** Opening Records for this exercise block **

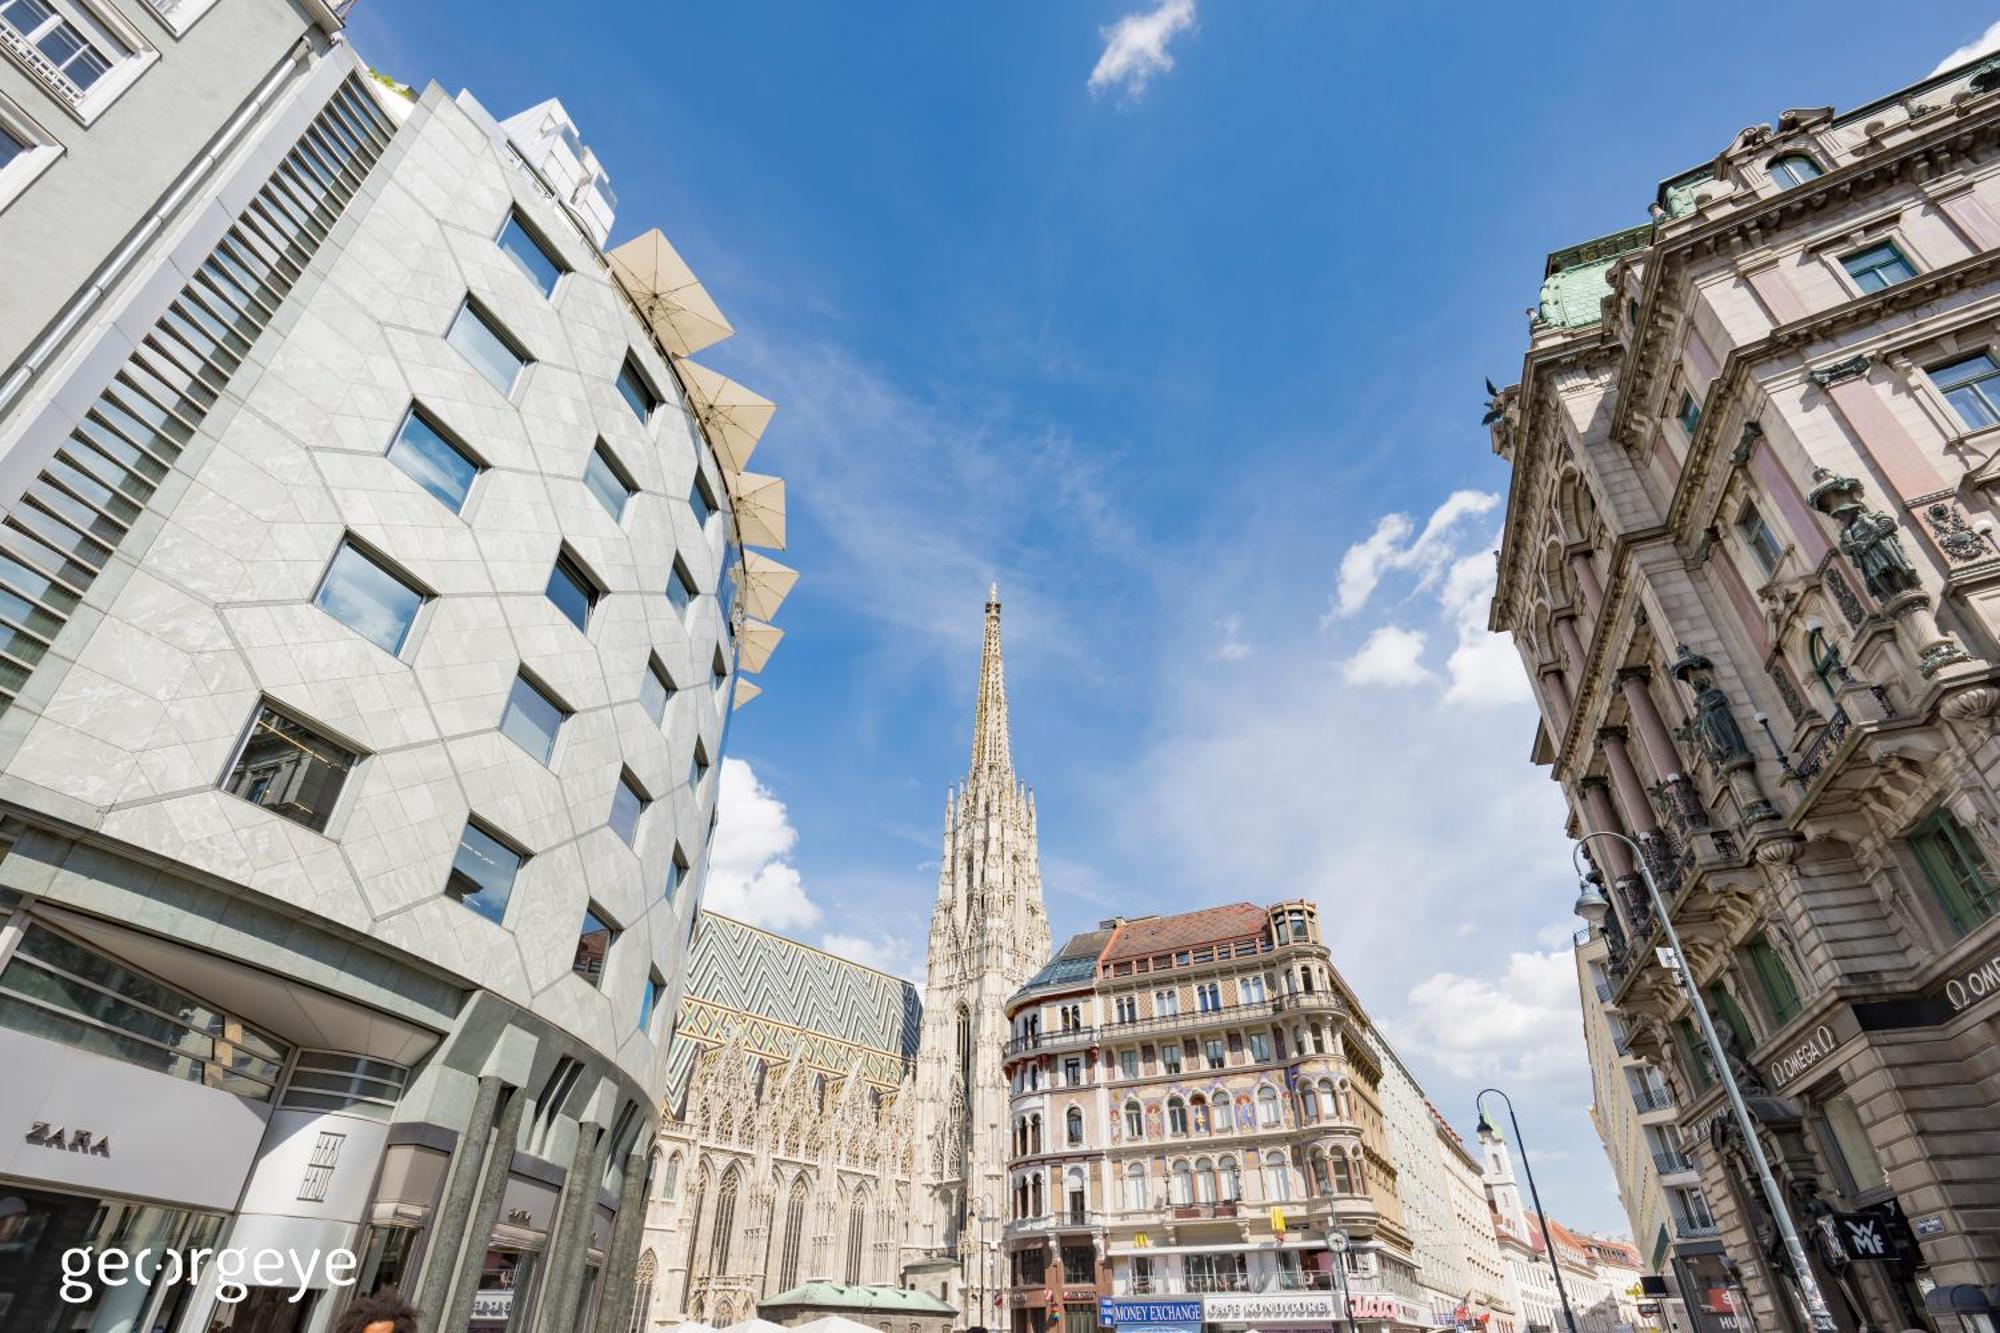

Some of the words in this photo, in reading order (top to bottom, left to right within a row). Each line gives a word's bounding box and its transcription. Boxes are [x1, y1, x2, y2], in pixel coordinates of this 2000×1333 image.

[1783, 1040, 1822, 1077] OMEGA
[24, 1121, 110, 1159] ZARA
[1844, 1220, 1884, 1255] WMF
[1115, 1305, 1148, 1321] MONEY
[1149, 1304, 1201, 1321] EXCHANGE

** Closing Records for this exercise block **

The data above should be set down again exactly, with the pictures omitted.

## Solution
Some of the words in this photo, in reading order (top to bottom, left to right within a row). Each line gives a word's bounding box and its transcription. Boxes are [x1, y1, x2, y2], in pixel coordinates of this 2000×1333 image.

[1783, 1040, 1822, 1077] OMEGA
[24, 1121, 110, 1159] ZARA
[1844, 1220, 1884, 1255] WMF
[1115, 1305, 1148, 1321] MONEY
[1149, 1304, 1201, 1321] EXCHANGE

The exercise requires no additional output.